Activated Rho GTPases signal to numerous intracellular proteins to dynamically control vital cellular processes, including remodeling of the actin cytoskeleton, membrane trafficking, transcriptional regulation, cell growth, and development. The activation of Rho GTPases is catalyzed by Rho GEFs (guanine nucleotide exchange factors) in response to a variety of extracellular signals. This process is tightly controlled and spatially focused within cells, and abnormal regulation of several Rho GTPases is implicated in human cancers and other diseases. The long-term goal of this research is to more clearly define molecular mechanisms of Rho GTPase regulation in order to increase our understanding of Rho GTPase function in normal and pathological states and to improve our capacity to treat human diseases that stem from aberrant Rho GTPase signaling. The overall objective of this proposal is to develop a workflow comprised of an integrated set of assays for rapid identification and validation of compounds that can specifically and directly inhibit guanine nucleotide exchange and be used as probes of Rho GTPase function in cells. The goals of this proposal will be accomplished through three aims.
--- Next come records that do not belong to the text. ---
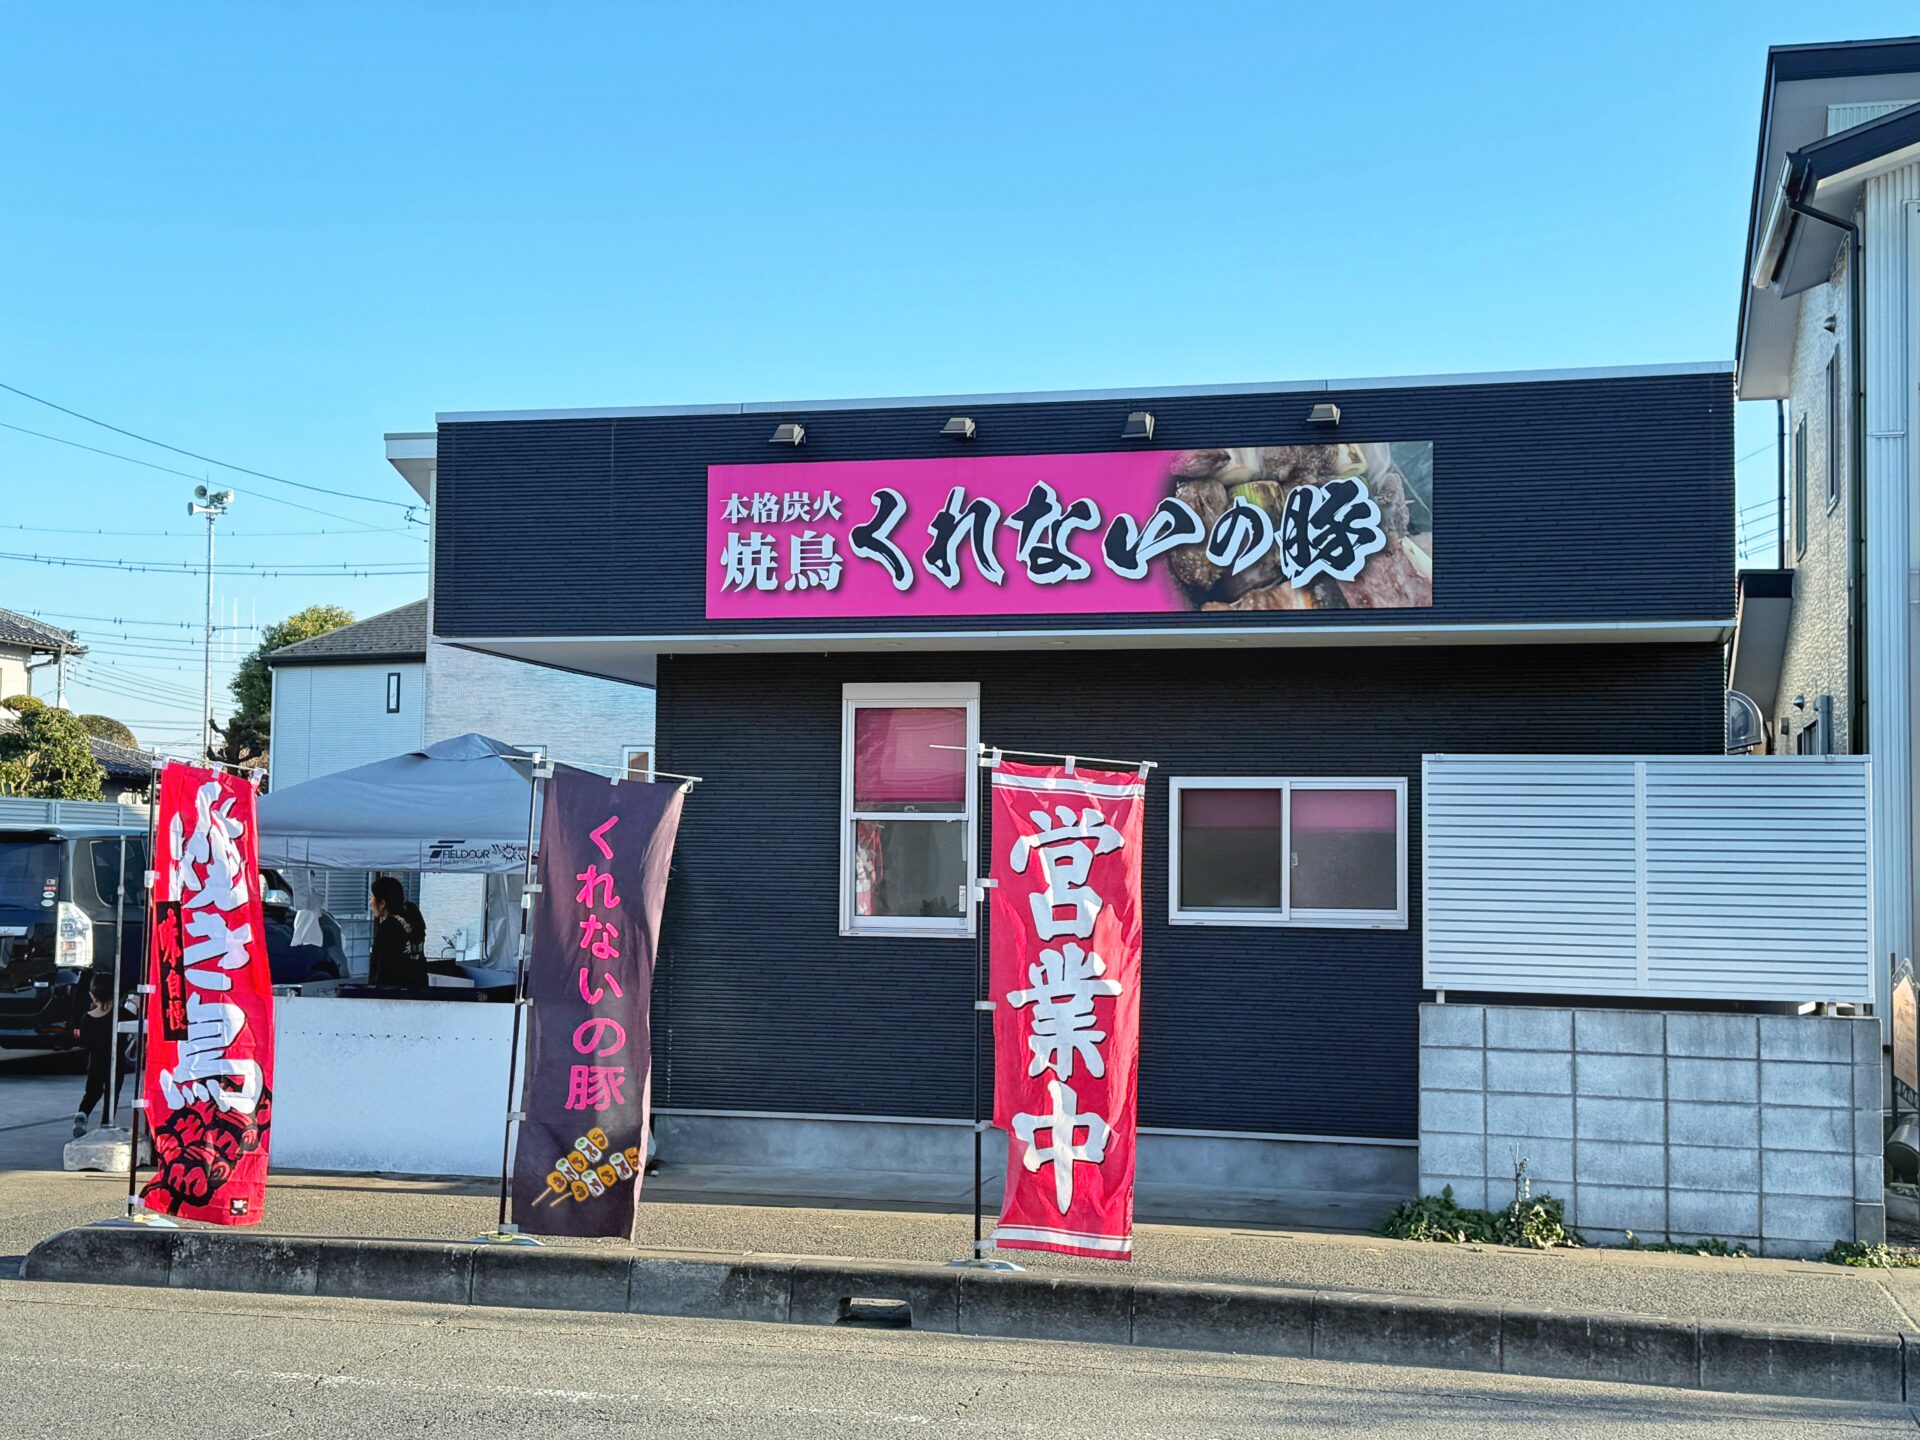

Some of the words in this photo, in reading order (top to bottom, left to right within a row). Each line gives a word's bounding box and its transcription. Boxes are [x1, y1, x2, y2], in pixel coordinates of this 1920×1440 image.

[720, 490, 842, 524] 本格炭火
[720, 530, 843, 592] 焼鳥
[849, 476, 1387, 591] くれないの豚
[158, 907, 187, 1031] 味自慢
[564, 815, 626, 1111] くれないの豚
[1006, 805, 1125, 1215] 営業中
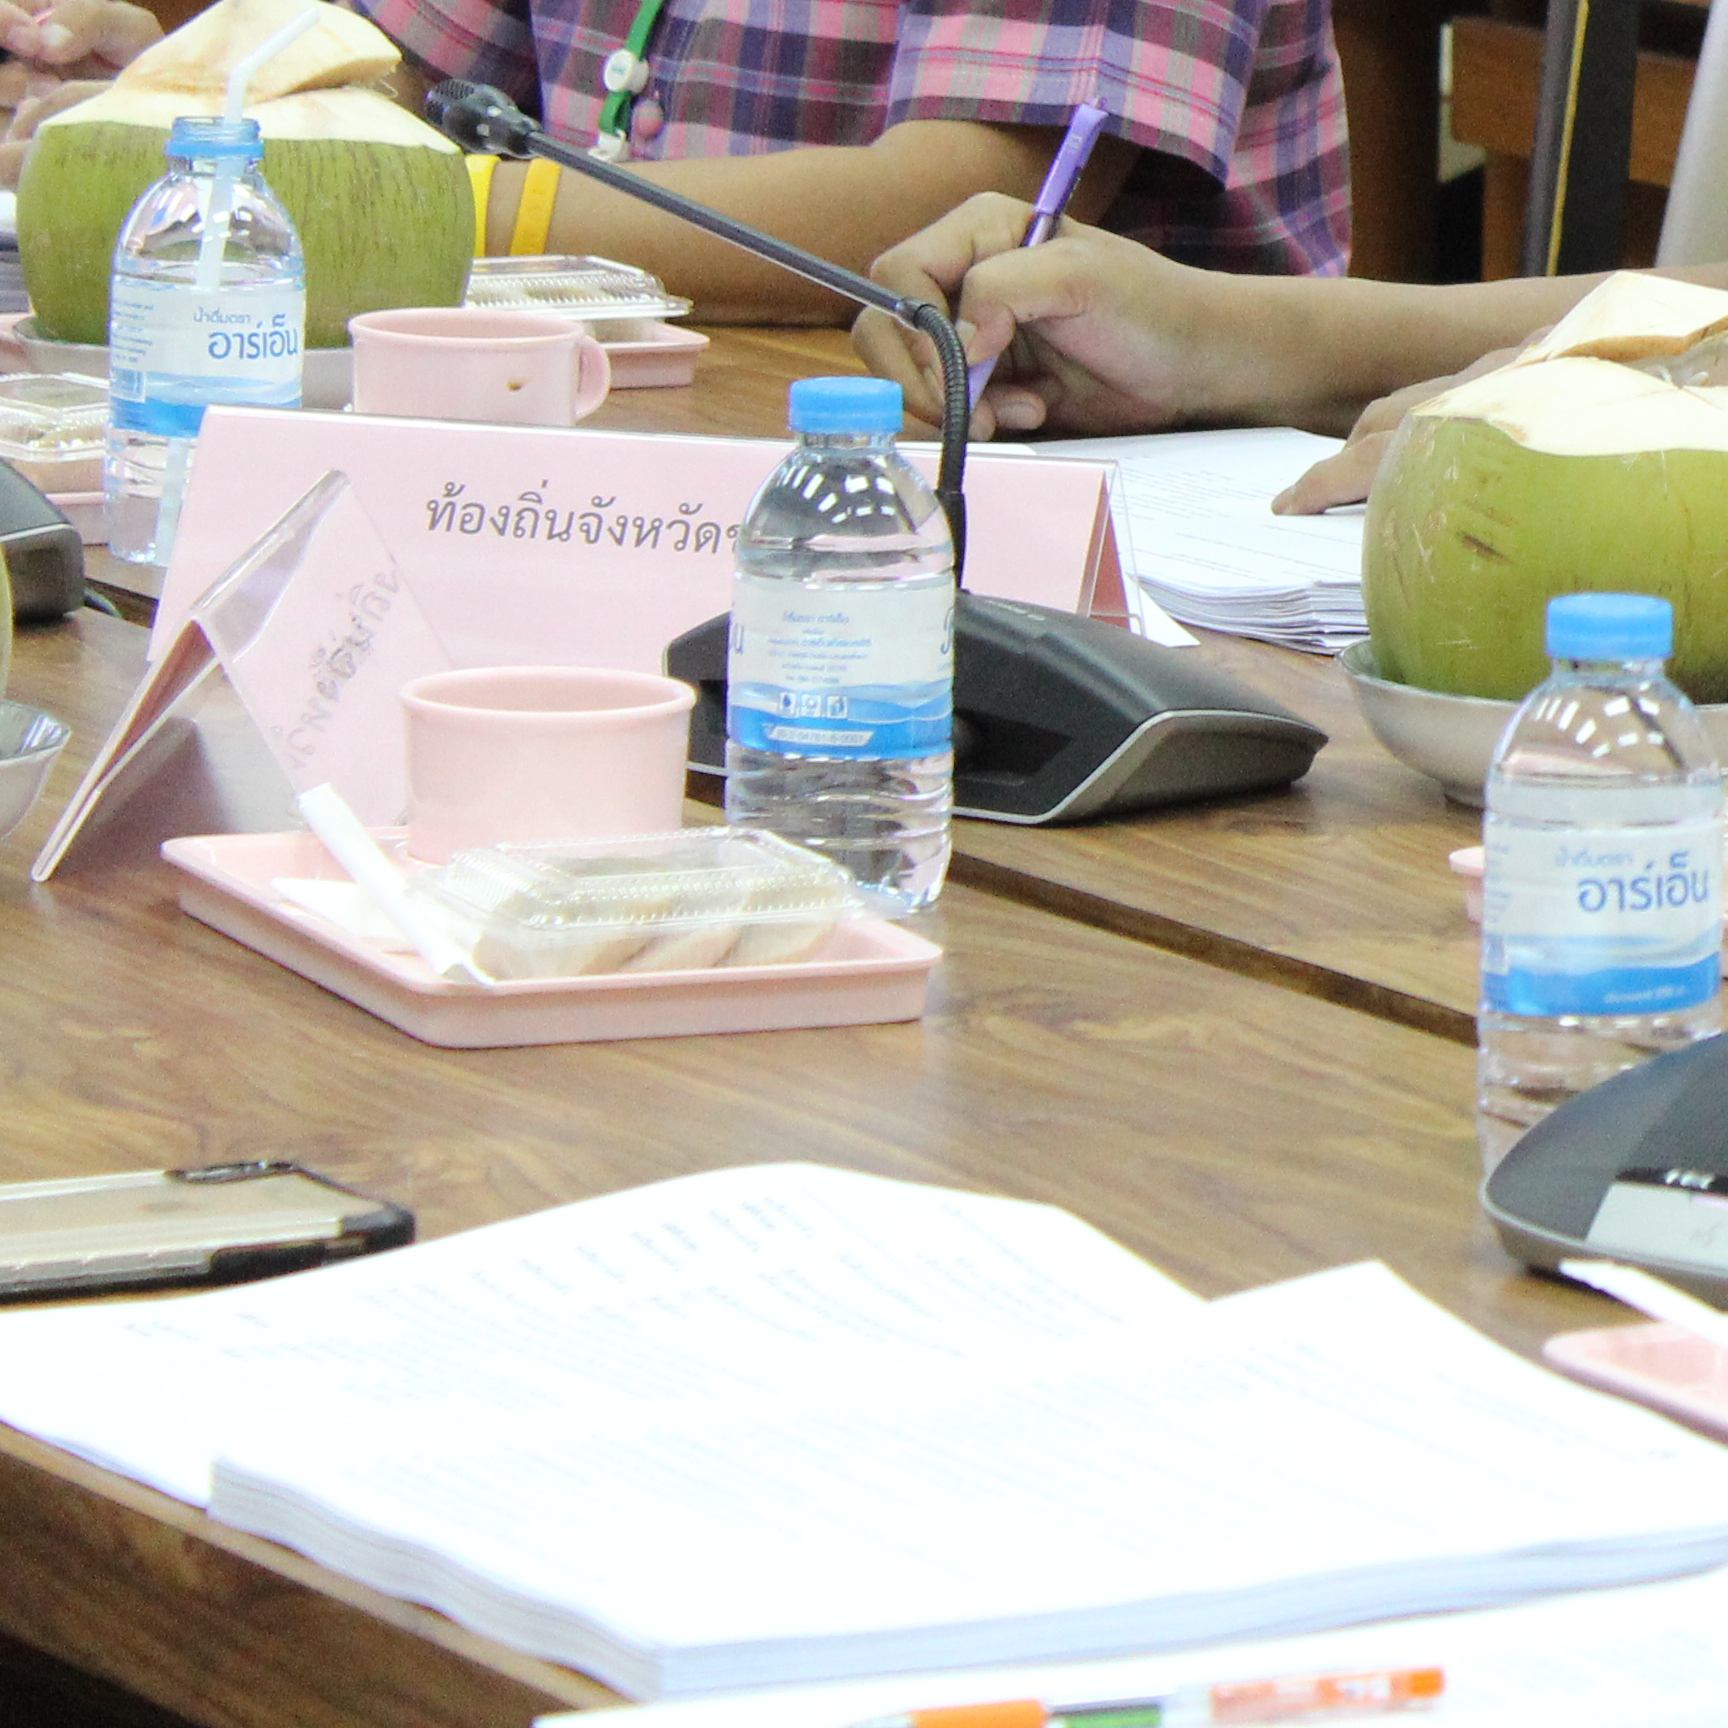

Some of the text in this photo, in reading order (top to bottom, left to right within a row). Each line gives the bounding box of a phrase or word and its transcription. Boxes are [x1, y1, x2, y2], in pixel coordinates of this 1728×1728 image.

[207, 313, 299, 360] อาร์เอ็น
[1577, 850, 1711, 915] อาร์เอ็น
In Specific Aim 1, a fluorescence-based nucleotide exchange assay will be optimized for high-throughput screening.
In Specific Aim 2, high-throughput screening of diverse compound libraries will be implemented to identify inhibitors of P-Rex2-catalyzed activation of Rac1 and combined with structure similarity searching to improve the number and potency of initial hits.
In Specific Aim 3, bona fide in vitro inhibition will be confirmed with a conventional radioactive-based exchange assay, and a series of in vitro and cell-based secondary assays will be developed to define the selectivity, cytotoxicity and biological activity of confirmed hits. The protocols developed here for Rac1 will be generally applicable to all Rho GTPases and are expected to yield lead compounds for generation of potent and selective probes of Rho GTPase function. These compounds may also serve as potential lead compounds for drug development.
Rho GTPases activate signaling networks that regulate physiological processes vital for survival. The fine details of Rho GTPase signaling pathways are not well understood. Small molecule compounds that selectively modulate Rho GTPase activity in cels are curently lacking, and they would be invaluable for elucidating the specific roles of Rho GTPases in human physiology. This proposal is focused on developing protocols for discovery and validation of Rho GTPase inhibitors to be used as probes of Rho GTPase function and potentially for development of new therapeutic compounds.